- **TASK ITEM**: Could you give back every record below exactly, leaving out the pictures?

- **PROVIDED DATA**:
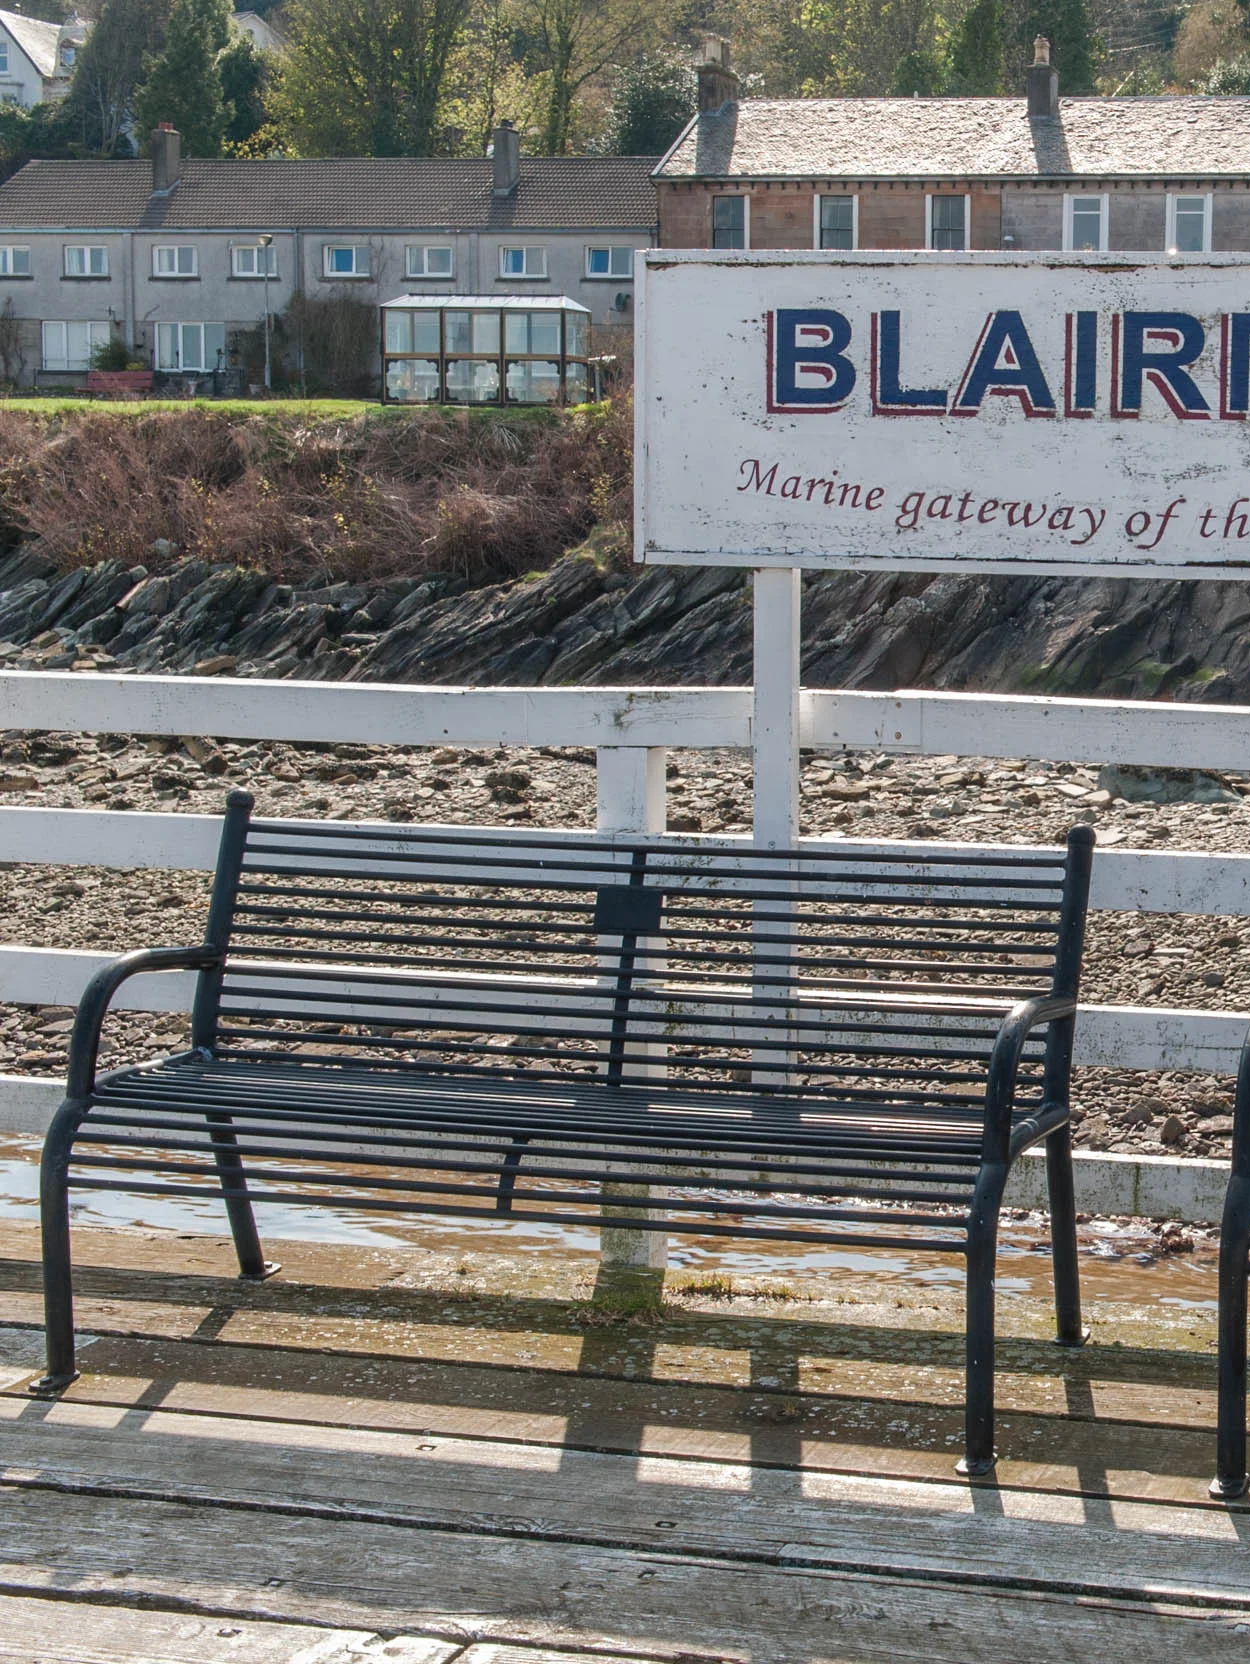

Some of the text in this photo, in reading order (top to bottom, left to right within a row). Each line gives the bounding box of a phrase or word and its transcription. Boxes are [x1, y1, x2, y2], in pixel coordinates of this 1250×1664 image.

[736, 458, 886, 511] Marine
[895, 490, 1107, 545] gateway
[1124, 497, 1188, 550] of
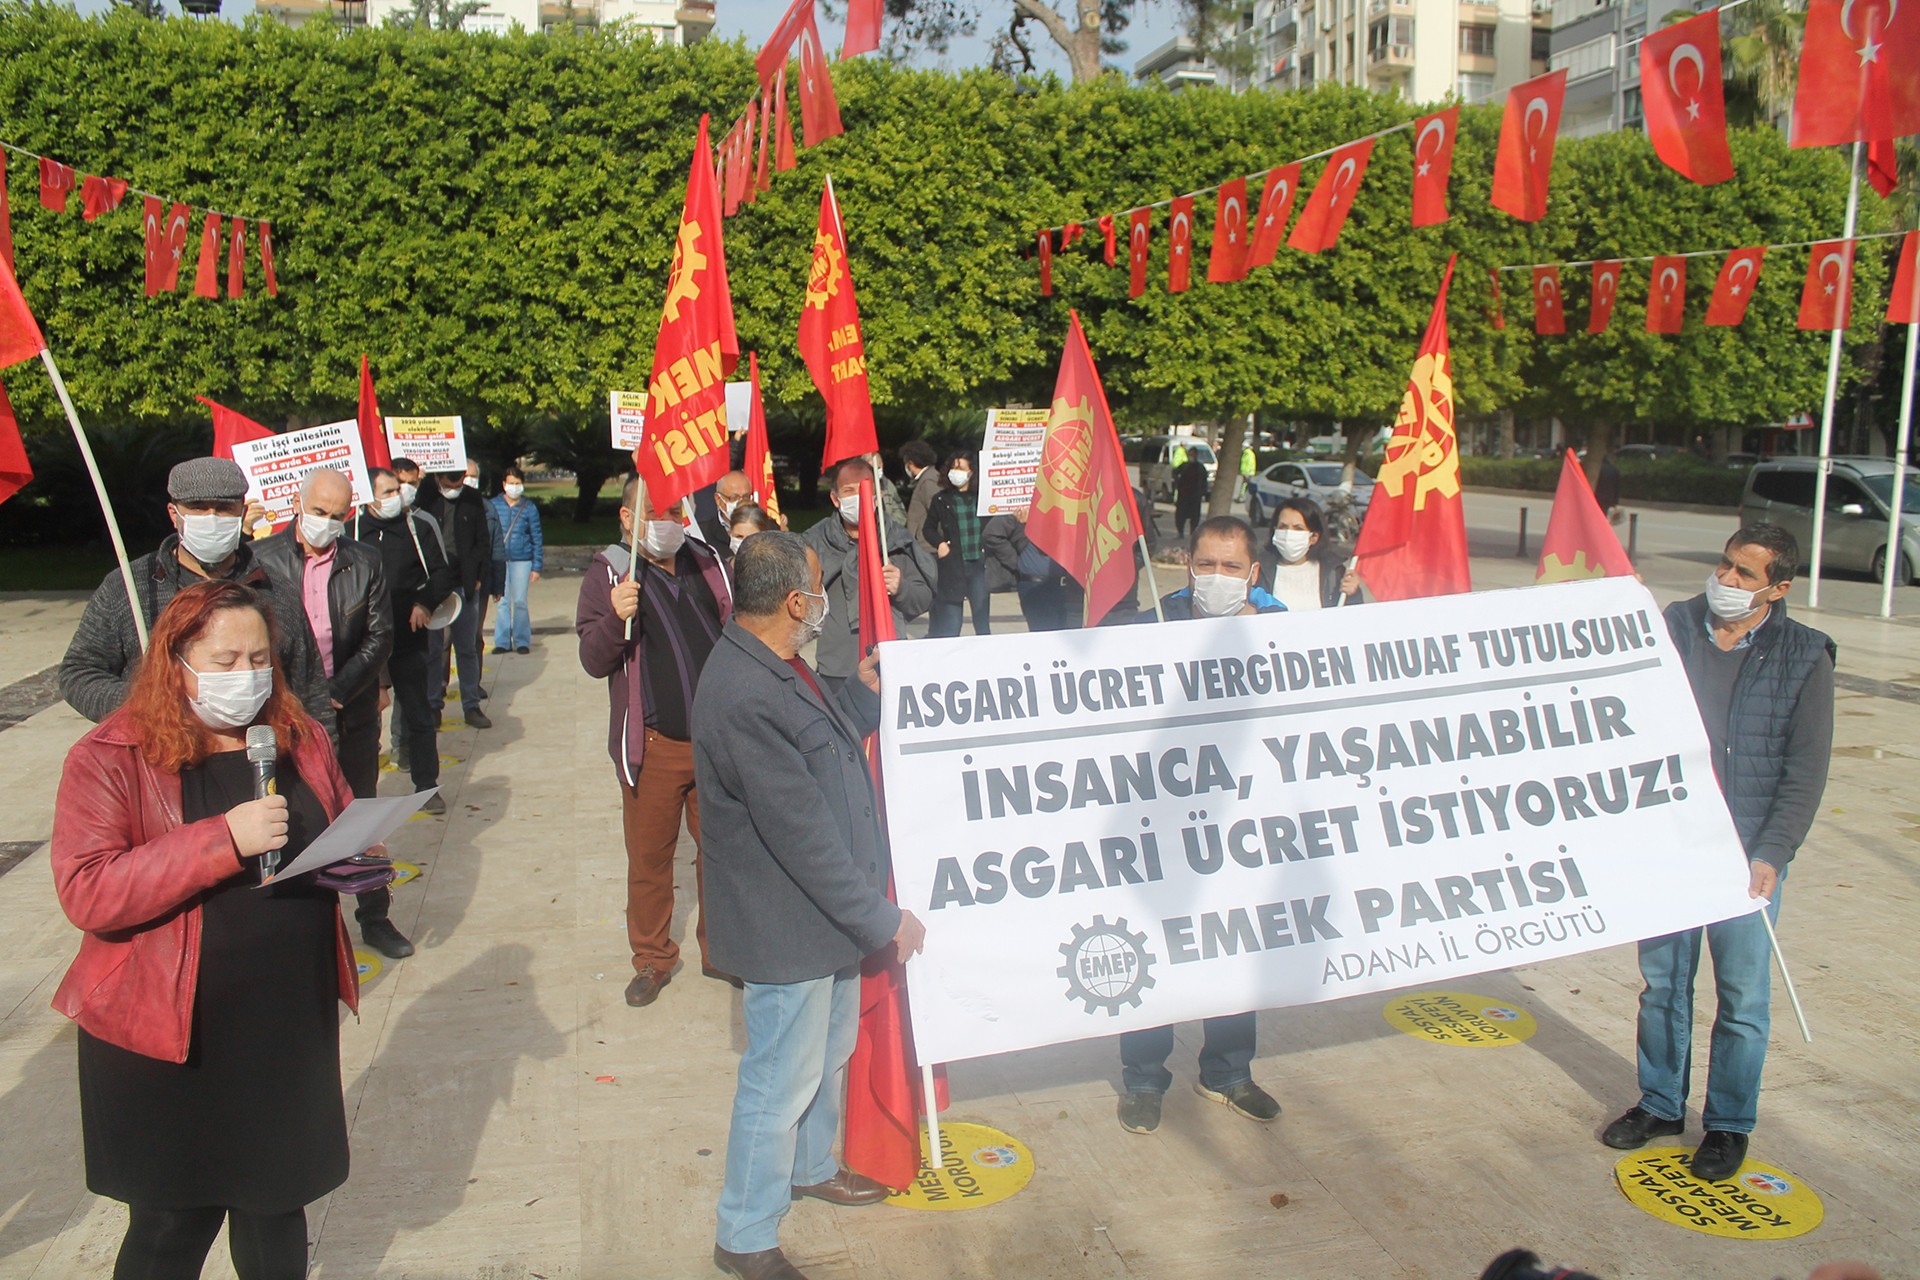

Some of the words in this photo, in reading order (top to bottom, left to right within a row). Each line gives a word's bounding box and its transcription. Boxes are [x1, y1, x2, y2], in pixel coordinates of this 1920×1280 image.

[251, 443, 269, 453] Bir
[272, 436, 290, 450] işçi
[293, 427, 341, 442] ailesinin
[253, 465, 270, 475] son
[271, 461, 278, 470] 6
[279, 456, 302, 470] ayda
[315, 450, 327, 461] 57
[328, 447, 349, 459] arttı
[254, 448, 290, 462] mutfak
[293, 438, 344, 454] masrafları
[259, 471, 297, 488] İNSANCA,
[897, 662, 1039, 730] ASGARİ
[1050, 659, 1165, 715] ÜCRET
[1174, 641, 1355, 702] VERGİDEN
[1365, 633, 1462, 682] MUAF
[1469, 609, 1656, 669] TUTULSUN!
[962, 754, 1253, 822] İNSANCA,
[1262, 686, 1636, 787] YAŞANABİLİR
[928, 816, 1164, 911] ASGARİ
[1181, 805, 1360, 875] ÜCRET
[1378, 754, 1688, 848] İSTİYORUZ!
[1161, 894, 1343, 966] EMEK
[1354, 844, 1588, 934] PARTİSİ
[1080, 952, 1137, 979] EMEP
[1322, 942, 1436, 985] ADANA
[1438, 930, 1469, 962] İL
[1475, 905, 1606, 955] ÖRGÜTÜ
[1396, 1005, 1452, 1040] SOSYAL
[1406, 998, 1484, 1042] MESAFEYİ
[1433, 996, 1510, 1040] KORUYUN
[1629, 1169, 1717, 1227] SOSYAL
[1638, 1158, 1760, 1231] MESAFEYİ
[1671, 1153, 1791, 1227] KORUN

- **THE COMPLETED TASK**:
Some of the text in this photo, in reading order (top to bottom, left to right within a row). Each line gives the bounding box of a phrase or word and its transcription. Boxes are [x1, y1, x2, y2], in pixel coordinates of this 1250×1664 image.

[736, 458, 886, 511] Marine
[895, 490, 1107, 545] gateway
[1124, 497, 1188, 550] of

Some of the words in this photo, in reading order (top to bottom, left to right within a row). Each line gives a word's bounding box and its transcription. Boxes are [x1, y1, x2, y2], in pixel coordinates of this 1920×1280 image.

[251, 443, 269, 453] Bir
[272, 436, 290, 450] işçi
[293, 427, 341, 442] ailesinin
[253, 465, 270, 475] son
[271, 461, 278, 470] 6
[279, 456, 302, 470] ayda
[315, 450, 327, 461] 57
[328, 447, 349, 459] arttı
[254, 448, 290, 462] mutfak
[293, 438, 344, 454] masrafları
[259, 471, 297, 488] İNSANCA,
[897, 662, 1039, 730] ASGARİ
[1050, 659, 1165, 715] ÜCRET
[1174, 641, 1355, 702] VERGİDEN
[1365, 633, 1462, 682] MUAF
[1469, 609, 1656, 669] TUTULSUN!
[962, 754, 1253, 822] İNSANCA,
[1262, 686, 1636, 787] YAŞANABİLİR
[928, 816, 1164, 911] ASGARİ
[1181, 805, 1360, 875] ÜCRET
[1378, 754, 1688, 848] İSTİYORUZ!
[1161, 894, 1343, 966] EMEK
[1354, 844, 1588, 934] PARTİSİ
[1080, 952, 1137, 979] EMEP
[1322, 942, 1436, 985] ADANA
[1438, 930, 1469, 962] İL
[1475, 905, 1606, 955] ÖRGÜTÜ
[1396, 1005, 1452, 1040] SOSYAL
[1406, 998, 1484, 1042] MESAFEYİ
[1433, 996, 1510, 1040] KORUYUN
[1629, 1169, 1717, 1227] SOSYAL
[1638, 1158, 1760, 1231] MESAFEYİ
[1671, 1153, 1791, 1227] KORUN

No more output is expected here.